At BMO and Amalgamated Bank, FIS and Anthropic deployed an automated anti-money laundering agent that reduced investigation review times from hours to minutes. Financial regulation requires human accountability for those decisions — and the audit trail and authorization frameworks that would satisfy that requirement don't yet exist for the deployment that's already running.
That sequencing — capability deployed, governance to follow — is what connects these cases. It isn't a story of failure. It's a story of a gap: the space between what an AI system is doing today and what the organizational and regulatory infrastructure around it can actually account for.
When the entity deploying AI capabilities is also the primary source of guidance on how it should be governed, the independence of that governance is structurally constrained.
When the entity deploying AI capabilities is also the primary source of guidance on how it should be governed, the independence of that governance is structurally constrained.

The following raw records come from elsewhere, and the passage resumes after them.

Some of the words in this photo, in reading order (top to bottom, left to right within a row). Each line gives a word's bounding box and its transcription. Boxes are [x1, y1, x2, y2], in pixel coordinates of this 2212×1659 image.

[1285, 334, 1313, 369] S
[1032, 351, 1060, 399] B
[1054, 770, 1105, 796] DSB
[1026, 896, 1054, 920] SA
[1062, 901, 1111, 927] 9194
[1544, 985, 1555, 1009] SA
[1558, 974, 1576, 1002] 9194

The governance gap is a sourcing problem
What organizations need to understand is that the governance gap isn’t primarily a technical problem, nor is it primarily a vendor problem; it’s really a sourcing problem. When the entity deploying AI capabilities is also the primary source of guidance on how it should be governed, the independence of that governance is structurally constrained.

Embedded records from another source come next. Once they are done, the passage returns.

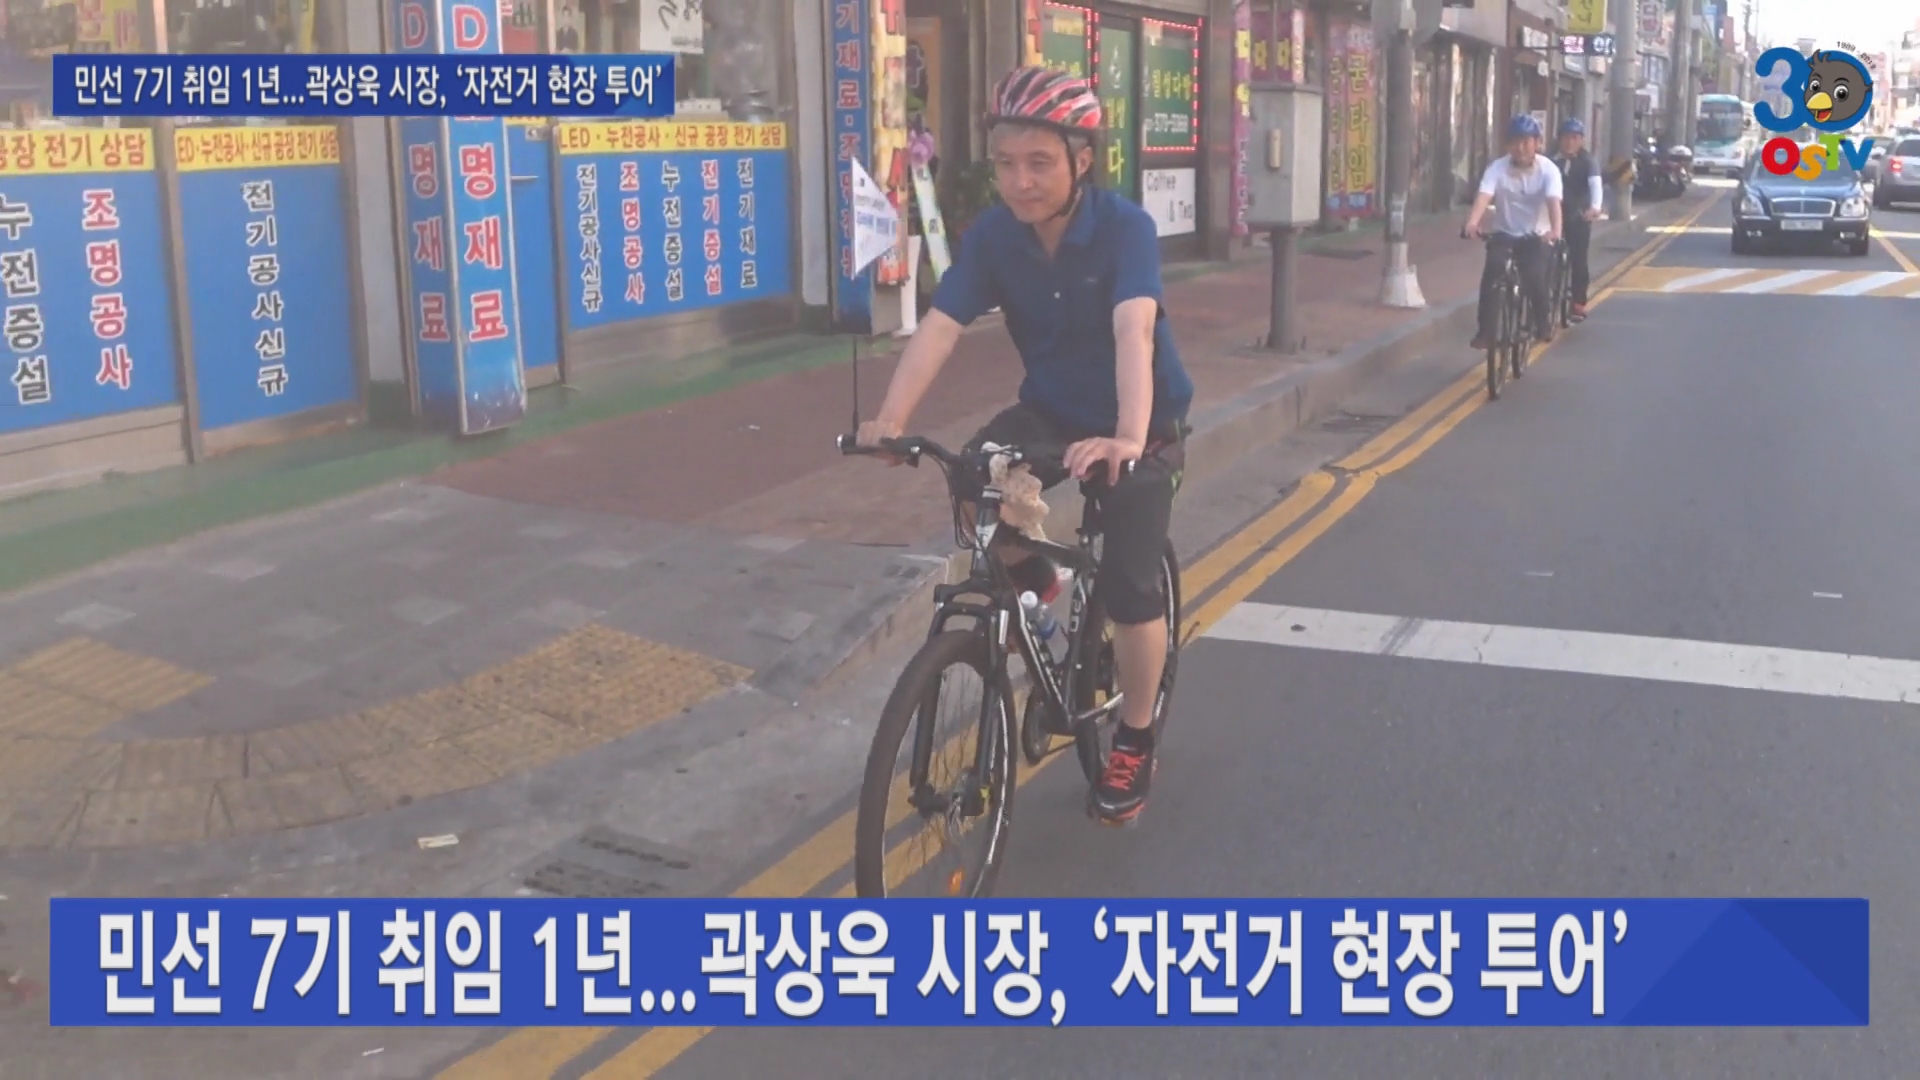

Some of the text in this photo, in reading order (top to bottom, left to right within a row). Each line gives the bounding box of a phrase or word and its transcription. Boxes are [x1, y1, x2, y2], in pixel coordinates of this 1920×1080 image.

[44, 132, 92, 169] 전기
[100, 132, 146, 168] 상담
[559, 125, 782, 148] LED 누전공사 신규 공장 전기 상담
[82, 189, 133, 389] 조명공사
[241, 180, 289, 397] 전기공사신규
[407, 117, 450, 342] 명재료
[455, 117, 508, 342] 명재료
[577, 163, 603, 313] 전기공사신규
[620, 162, 645, 305] 조명공사
[662, 160, 684, 301] 누전증설
[702, 159, 722, 295] 전기증설
[737, 158, 757, 288] 전기재료
[0, 193, 51, 405] 누전증설

No vendor can credibly provide governance frameworks that recommend against their own products' use; no vendor has the organizational knowledge of a specific enterprise's risk profile, regulatory obligations and decision-making accountability structure that governance frameworks must reflect to be usable.
Ken Liu's observation, which he made during a ChinaTalk interview, puts the structural issue in clear terms. Access to frontier intelligence, he argued, can be rented; operational control and organizational learning cannot. The implication for enterprises is that template-based deployment, agent orchestration features and even managed constraint evaluation are all rentable; however, judgment about which constraints are appropriate for a specific regulated context, which failure modes are acceptable in a specific production environment and how agent behavior maps to organizational accountability is not something any vendor is able to sell. This is because selling it would require them to make decisions against their own platform.

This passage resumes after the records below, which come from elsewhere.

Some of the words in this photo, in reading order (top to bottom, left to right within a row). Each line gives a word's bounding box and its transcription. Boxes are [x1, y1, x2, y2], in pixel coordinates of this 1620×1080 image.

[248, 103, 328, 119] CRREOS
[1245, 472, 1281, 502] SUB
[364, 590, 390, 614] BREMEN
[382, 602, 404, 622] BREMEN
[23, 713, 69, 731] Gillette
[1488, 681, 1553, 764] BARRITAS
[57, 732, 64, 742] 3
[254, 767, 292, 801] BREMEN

Organizations that built their AI strategies around the assumption that governance frameworks would arrive alongside deployment tooling are now discovering the tooling is moving faster than the frameworks, and, what’s more, the frameworks offered by those same vendor channels are inherently limited. Vendor-dependency is forming before anyone has an alternative.
Developing architectural judgment
This tension will remain unresolved for the foreseeable future. That means organizations need to develop genuine architectural judgment — the capacity to evaluate, select and govern AI capabilities independently of the vendors offering it. Yes, this will be challenging given the speed of change is making independence increasingly difficult to maintain and financial structures (PE portfolio licensing, delivery ventures with frontier capital) are being designed to reduce friction in a direction that benefits the vendor, but it’s ultimately the critical task for AI adopters this year.
What a company's organizational structure actually needs to provide the governance layer independently — and whether it can be built at the pace deployment is demanding — is a question the week's signals raised clearly and left entirely open.
Disclaimer: The statements and opinions expressed in this article are those of the author(s) and do not necessarily reflect the positions of Thoughtworks.